Resilients
Posted Jan. 26, 2012 by Maja KuzmanovićFuture Preparedness
As a partner in the Resilients project, FoAM researches how to increase individual, group and community resilience by cultivating behaviours that help us prepare for any possible future. As we all know, profound change begins with yourself. From the summer of 2011 onwards, FoAM is undergoing a resilience inspection – we are looking deeply into the structure of our network, our governance, people, activities and principles, and slowly removing unsustainable elements and nurturing resilient and inspiring ones. As part of this process, we dared to dig deeply into our personal involvement with FoAM in a week-long silent retreat using the Naikan technique, under the guidance of Helga Hartl at the Brussels FoAM studio. By undergoing this process of deeply personal introspection as a collective in our common workspace, we aimed to increase the group’s commitment, effectiveness of communication, bonding – to improve our resilience as individuals and a group.
Resilients Journeyers: in residence and transience
In medieval guilds a journeyer was a person in possession of precious skills and knowledge, travelling between members of the guild to learn, share and practice their craft. In the Resilients project, we celebrate the role of travelling generalists, who temporarily stimulate, inspire as well as disrupt our organisations.
We began by welcoming a Family in Residence - the Simpsons (Mark, Lea, Scarlet and Delilah), who occupied FoAM in Brussels for two weeks in June and July 2011. The premise of the residency was that a resilient culture cannot continue to separate work and life. The children became a part of FoAM’s daily routine, where we functioned together as an extended clan for the travelling nuclear family. Meanwhile, Lea was investigating art libraries in Brussels and has inspired us to resurrect our plans for a Brussels-wide online database of small libraries. Mark, the pater familias, wreaked havoc by prototyping rocket boats and unleashing them in the muddy waters of the Brussels canal, marking the world premiere of Rocket Boat Day.

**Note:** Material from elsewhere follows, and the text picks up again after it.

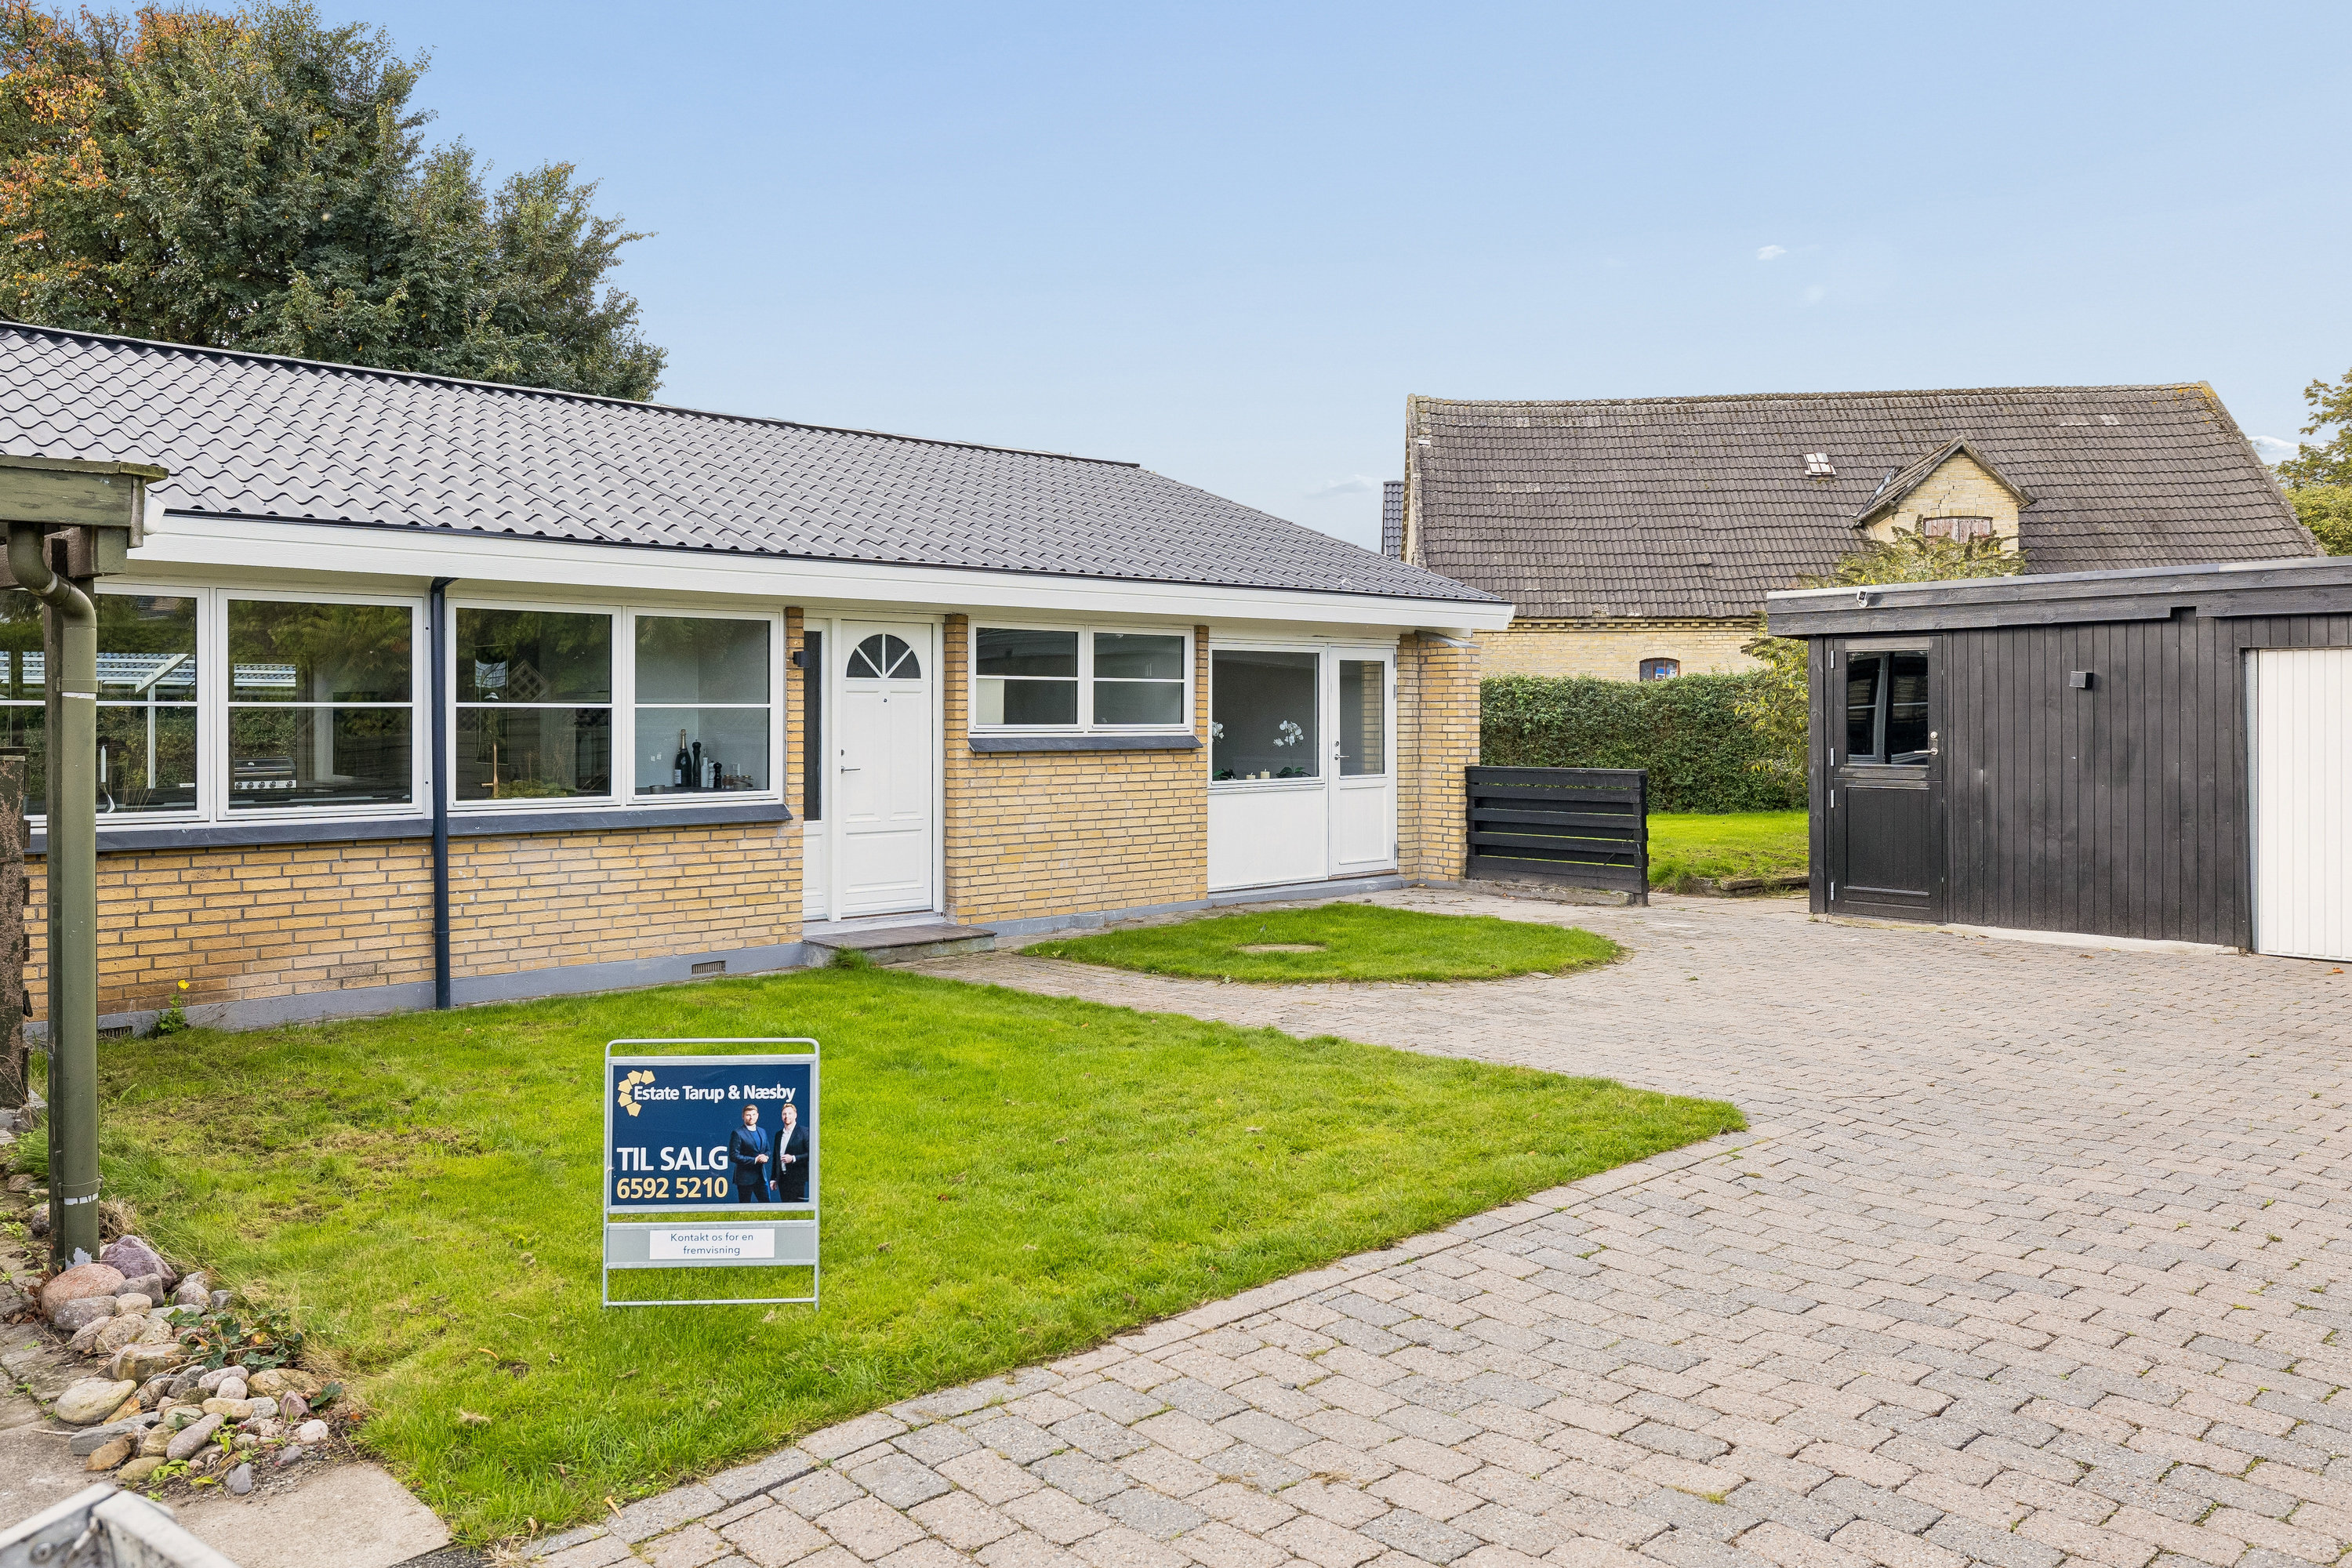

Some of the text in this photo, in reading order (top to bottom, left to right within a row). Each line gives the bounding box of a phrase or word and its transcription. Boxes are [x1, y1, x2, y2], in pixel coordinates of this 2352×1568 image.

After the family departed, Simone Poutnik, a Resilients Journeyer extraordinaire, returned from the Kufunda Learning Village in Zimbabwe. She came back with stories about the resilience through determination and openness, as well as the fragility of “Zim’s” recent history and its rollercoasting currency. In September 2011 Simone and her partner Hendrik Tiesinga weighed anchor to become itinerant journeyers for the coming two years. Their stories will make for a special contribution to the Resilients Handbook in 2012.
Resilients workshops: Mathematickal Arts, Venerative Places and Resilient Crafts
The hypothesis of the Mathematickal Arts workshop was that cultural resilience can be increased by (1) supporting a community of generalists able to connect disparate concepts and disciplines together, as well as (2) connecting traditional disciplines (such as mathematics and textile crafts) with contemporary and emerging technologies such as computer programming or bioinformatics. The workshop was designed and led by Carole Collet, with a background in textile education and sustainable design, together with mathematician, artist and nautical enthusiast Tim Boykett. The hypothesis was proven in practical exercises showing that experiments were more effective when both the trial-and-error intuitions of design and careful analysis of mathematics were employed in prototyping suspended cubes, or textile origami.
Making and Remaking of Saints and Venerative Places was a workshop organised by Performing Pictures together with nadine, FoAM Amsterdam and Nordica (Anna Maria Orru, Cocky Eek and Theun Karelse). Together they formed the temporary “Pollinators” crew on the island of Rab, Croatia. The group constructed a kinetic chapel and discussed the Pollinators journey – a green-powered cultural pilgrimage by tricycle planned for the summer of 2012. What do saints and veneration have to do with contemporary cultural resilience? With the emergence of modern archaeology and anthropology providing new kinds of interpretation for the meanings and origins of saintly places on the one hand, and the projects of modernity and religious reform aiming the purification and reinterpretation of rites and sites on the other hand, saintly places and their origins have become subjects of conflicting interpretations and contested practices. Rather than erasing the sites and landscapes of saint veneration and religious imagination, however, the projects of modernity and reform have initiated a process of profound change in the ways in which locality in its different levels is being perceived and enacted. In a way, the policing of modern meanings of local attainments also leads to a revitalising, restructuring and reinventing of venerative practices.
In October Bartaku and Carole Collet are conducting a treasure hunt for models of resilience in craft practices at the Central Saint Martin’s Textile Futures lab. They will use the workshop to guide their 'Table Vivant' speculative design experiments; exploring how the combination of food, craft and science can lead to resilient models for design.